10201 South Street, Suite 140
Phoenix, AZ 85044
Re: ConSyGen, Inc., a Texas corporation
Registration Statement on Form S-8
Gentlemen:
We are counsel for ConSyGen, Inc., a Texas corporation (the "Company").
We have been asked to deliver this opinion in connection with the preparation
and filing with the Securities and Exchange Commission under the Securities Act
of 1933, as amended (the "Act"), of a Registration Statement on Form S-8 (the
"Registration Statement") relating to an aggregate of 1,500,000 shares of the
Company's Common Stock, $.003 par value per share (the "Shares"). This opinion
letter, together with Schedule A attached hereto (this "Opinion Letter"), is
being rendered in connection with the filing of the Registration Statement.
The 1,500,000 Shares covered by the Registration Statement are issuable
under the Company's 1997 Amended and Restated Non-Qualified Stock Option Plan.
(referred to herein as the "Plan").
In connection with this Opinion Letter, we have examined and are
familiar with originals or copies, certified or otherwise identified to our
satisfaction, of the following documents (collectively, the "Documents"):
1. a certificate from the Secretary of State of the State of Texas
dated January 18, 1999, as to the legal existence and good standing of the
Company;
2. A certificate of account states from the Controller of Public
Accounts of the State of Texas, dated January 4, 1999, as the good standing of
the Company;
3. A certificate of Good Standing from the Arizona Corporation
Commission, dated January 4, 1999;
4. a copy of the Articles of Incorporation of the Company, as amended
to date, and a certificate of the Secretary that there have been no further
amendments thereto;
5. a copy of the Amended and Restated By-laws of the Company, certified
by the Secretary of the Company as presently being in effect;
<PAGE>
6. certain proceedings of the directors of the Company relative to the
Plan and Options granted under the Plan;
7. the Plan;
8. a letter from the Company's transfer agent dated January 4, 1999, as
to the issued and outstanding shares of the Company's Common Stock, $.003 par
value per share; and
9. the Registration Statement.
We have, without independent investigation, relied upon the
representations and warranties of the various parties as to matters of objective
fact contained in the Documents.
In addition, this Firm, in rendering legal opinions, customarily makes
certain assumptions which are described in Schedule A hereto. In the course of
our representation of the Company in connection with the preparation of the
Registration Statement, nothing has come to our attention which causes us to
believe reliance upon any of these assumptions is inappropriate, and, with your
concurrence, the opinion hereafter expressed is based upon those assumptions.

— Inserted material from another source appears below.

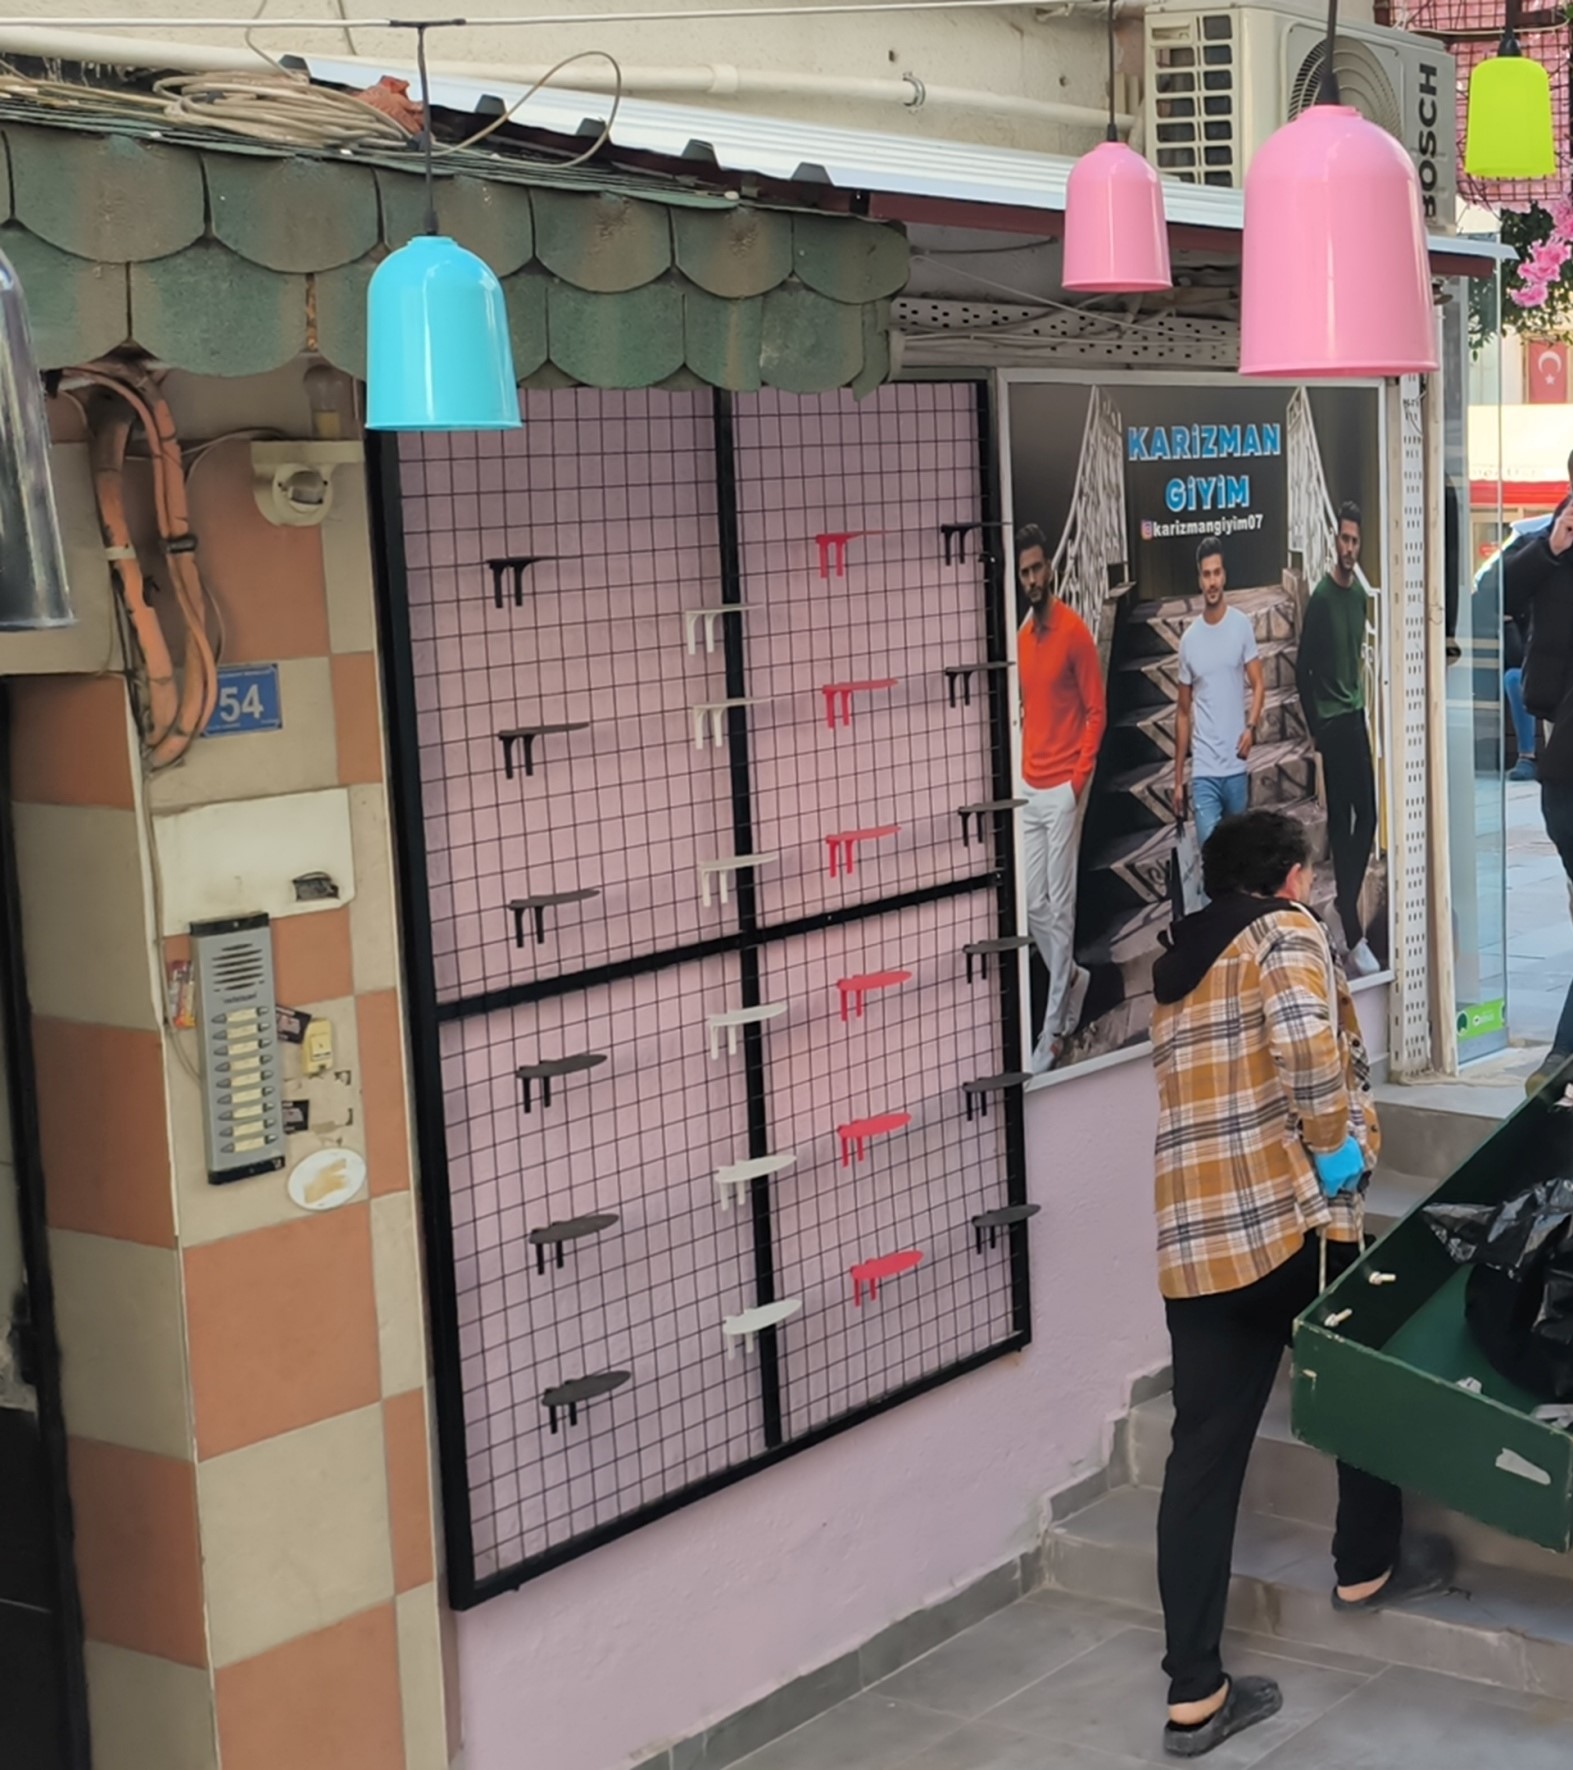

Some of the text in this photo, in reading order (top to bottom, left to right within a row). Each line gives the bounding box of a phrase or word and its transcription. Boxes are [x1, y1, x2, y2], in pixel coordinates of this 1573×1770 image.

The Enumerated Party referred to in Schedule A is the Company.
We have not made any independent review or investigation of orders,
judgments, rules or other regulations or decrees by which the Company or any of
its property may be bound, nor have we made any independent investigation as to
the existence of actions, suits, investigations or proceedings, if any, pending
or threatened against the Company.
With your concurrence, our opinion hereafter expressed is based solely
upon (1) our review of the Documents, (2) discussions with those of our
attorneys who have devoted substantive attention to the preparation of the
Registration Statement, and (3) such review of published sources of law as we
have deemed necessary.
Our opinions contained herein are limited to the laws of the State of
Arizona and the Federal law of the United States of America. Our opinion
regarding the Shares is rendered, with your concurrence, as if only the internal
laws of the State of Arizona were applicable thereto, notwithstanding that the
Company is a Texas corporation.
We express no legal opinion upon any matter other than that explicitly
addressed below, and our express opinion therein contained shall not be
interpreted to be an implied opinion upon any other matter.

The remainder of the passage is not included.